Im Juli 1991 also klopfte Nonne erneut beim hessischen Verfassungsschutz an – mit einer in der Tat aufregenden Geschichte. Er habe, gab der Zeuge zu Protokoll, seine in Tatortnähe gelegene Wohnung den Herrhausen-Attentätern vor dem 30. November 1989 wochenlang als Basislager zur Verfügung gestellt. Auch sonst sei er dem RAF-Kommando bei der Vorbereitung des Anschlags mit allerlei Handreichungen behilflich gewesen. Zwei der vier Attentäter seien ihm aus gemeinsamen Tagen in der Frankfurter Linksszene gut bekannt: Andrea Klump und Christoph Seidler. Nun treibe ihn „Gewissensnot“ zum Geständnis.
Nach seinem Bekenntnis nahmen erst die hessischen Hüter der Verfassung, dann die Elitefahnder des Bundeskriminalamts, schließlich die Karlsruher Oberankläger den „schwierigen Zeugen“ in die Mangel. Je länger sie den Mann traktierten, desto übermächtiger wurde offenbar der Wunsch, ihm zu glauben. Nicht nur Liebe macht blind, auch Erfolgsdruck. Der Mord an dem Bankchef lag bald zwei Jahre zurück. Es gab keinen Hinweis auf die Täter. Es gab nur Nonne – aber auch die Gewißheit, daß er als Zeuge der Anklage vor keinem Provinzanwalt würde bestehen können.

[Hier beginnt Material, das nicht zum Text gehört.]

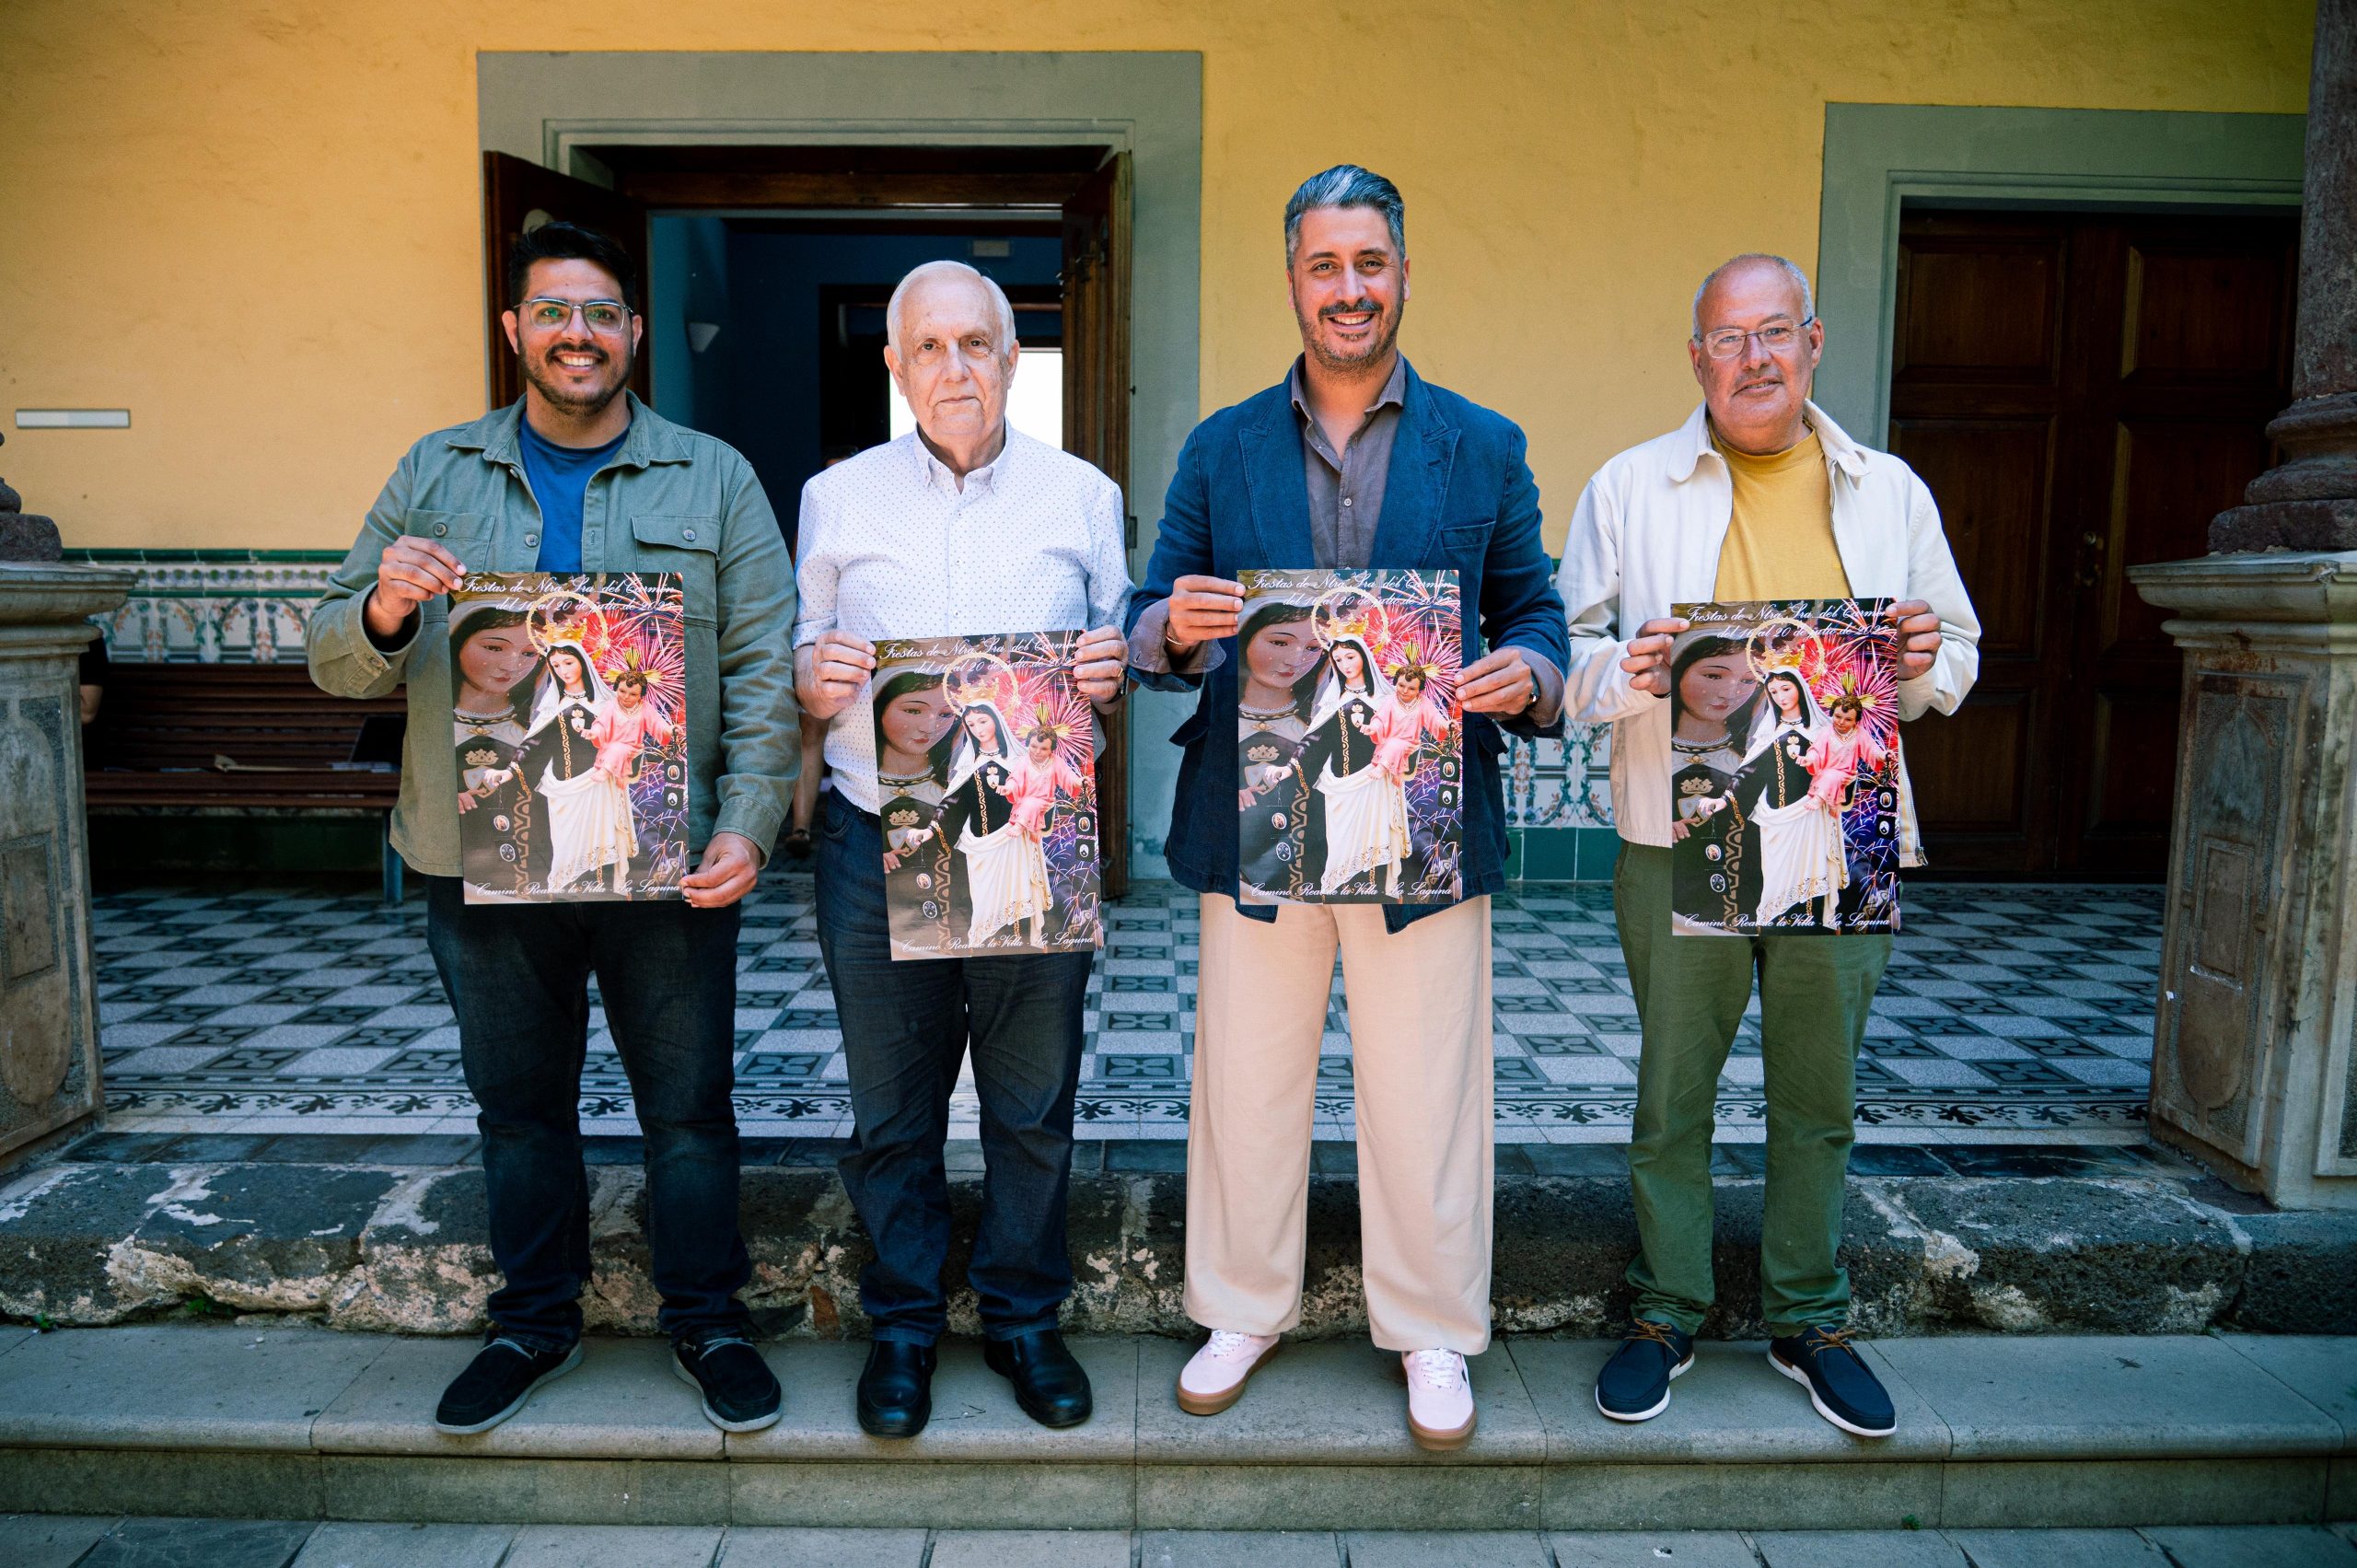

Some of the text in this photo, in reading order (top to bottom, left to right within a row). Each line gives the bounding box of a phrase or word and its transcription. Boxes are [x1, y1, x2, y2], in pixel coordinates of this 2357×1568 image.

[459, 576, 506, 593] Fiestas
[510, 579, 524, 592] de
[602, 579, 624, 593] del
[626, 577, 674, 593] Carmen
[1248, 573, 1293, 589] Fiestas
[1296, 575, 1310, 588] de
[1382, 575, 1404, 588] del
[1404, 574, 1452, 588] Carmen
[495, 598, 516, 610] del
[538, 598, 556, 610] al
[554, 600, 572, 610] 20
[575, 598, 589, 610] de
[622, 598, 635, 610] de
[1283, 593, 1302, 606] del
[1322, 593, 1341, 605] al
[1339, 596, 1356, 606] 20
[1357, 594, 1371, 605] de
[1402, 593, 1415, 605] de
[1688, 606, 1728, 621] Fiestas
[1731, 608, 1745, 621] de
[1819, 605, 1841, 618] del
[1717, 625, 1736, 638] del
[1757, 623, 1776, 637] al
[1774, 627, 1792, 637] 20
[1794, 625, 1807, 636] de
[1840, 622, 1852, 635] de
[879, 643, 923, 659] Fiestas
[926, 644, 940, 656] de
[1011, 638, 1032, 652] del
[914, 661, 933, 674] del
[952, 659, 968, 672] al
[969, 661, 985, 672] 20
[987, 660, 1001, 670] de
[1031, 655, 1044, 668] de
[1049, 656, 1074, 668] 202
[475, 882, 517, 896] Camino
[567, 883, 578, 894] la
[582, 880, 606, 894] Villa
[618, 879, 633, 893] La
[636, 879, 680, 897] Laguna
[1250, 882, 1292, 897] Camino
[1340, 885, 1350, 896] la
[1354, 881, 1378, 896] Villa
[1388, 881, 1405, 895] La
[1408, 881, 1452, 900] Laguna
[1683, 913, 1725, 927] Camino
[1776, 915, 1787, 926] la
[1791, 913, 1816, 927] Villa
[1827, 912, 1842, 926] La
[1845, 912, 1890, 931] Laguna
[900, 939, 940, 952] Camino
[987, 937, 998, 948] la
[1000, 935, 1023, 947] Villa
[1035, 932, 1049, 946] La
[1051, 932, 1094, 949] Laguna

Während des Vernehmungsmarathons hielt ein beeindruckender Medikamentencocktail „den Siggi“ einigermaßen im psychischen Gleichgewicht. Ausweislich der Protokolle wurden Nonne während der Vernehmungsphasen insgesamt neun verschiedene Medikamente – Antidepressiva, Neuroleptika und Antiepileptika – verabreicht.
Geholfen hat es wenig. Nonnes angebliche Erinnerungen sprudelten und sprudelten. Für Widersprüche in seinen Aussagen, die die Ermittler 1992 in einer neun Seiten umfassenden „Synopse“ auflisteten, machte der Zeuge sein schlechtes Gedächtnis verantwortlich – und schlug den vernehmenden Beamten immer mal wieder vor, ihn unter Hypnose zu setzen. Aussetzer wie diese wollten die Ermittler nicht zur Kenntnis nehmen. Als dann noch das Bundeskriminalamt behauptete, im Keller von Nonnes Bad Homburger Wohnung habe man Sprengstoffspuren gefunden, die dem großen Bumms im nur wenige hundert Meter entfernten Seedammweg zugeordnet werden könnten, als schließlich auch der hochangesehene Kölner Psychologe Udo Undeutsch Nonnes Erzähltalent erlag und den Kern seiner Aussagen für glaubwürdig erklärte, gab es kein Halten mehr.
Ende Januar 1992 feierten der hessische Innenminister Herbert Günther (SPD) und Generalbundesanwalt Alexander von Stahl öffentlich ihren „großartigen Fahndungserfolg“. Seidler und Klump galten schlagartig als neue Köpfe der RAF. Der Katzenjammer ließ nicht lange auf sich warten – und wurde chronisch. Mit der freiwilligen Rückkehr Christoph Seidlers steht jetzt die größte Blamage bevor, die die Strafverfolgungsbehörden bei ihrem Kampf gegen die RAF je zu verkraften hatten.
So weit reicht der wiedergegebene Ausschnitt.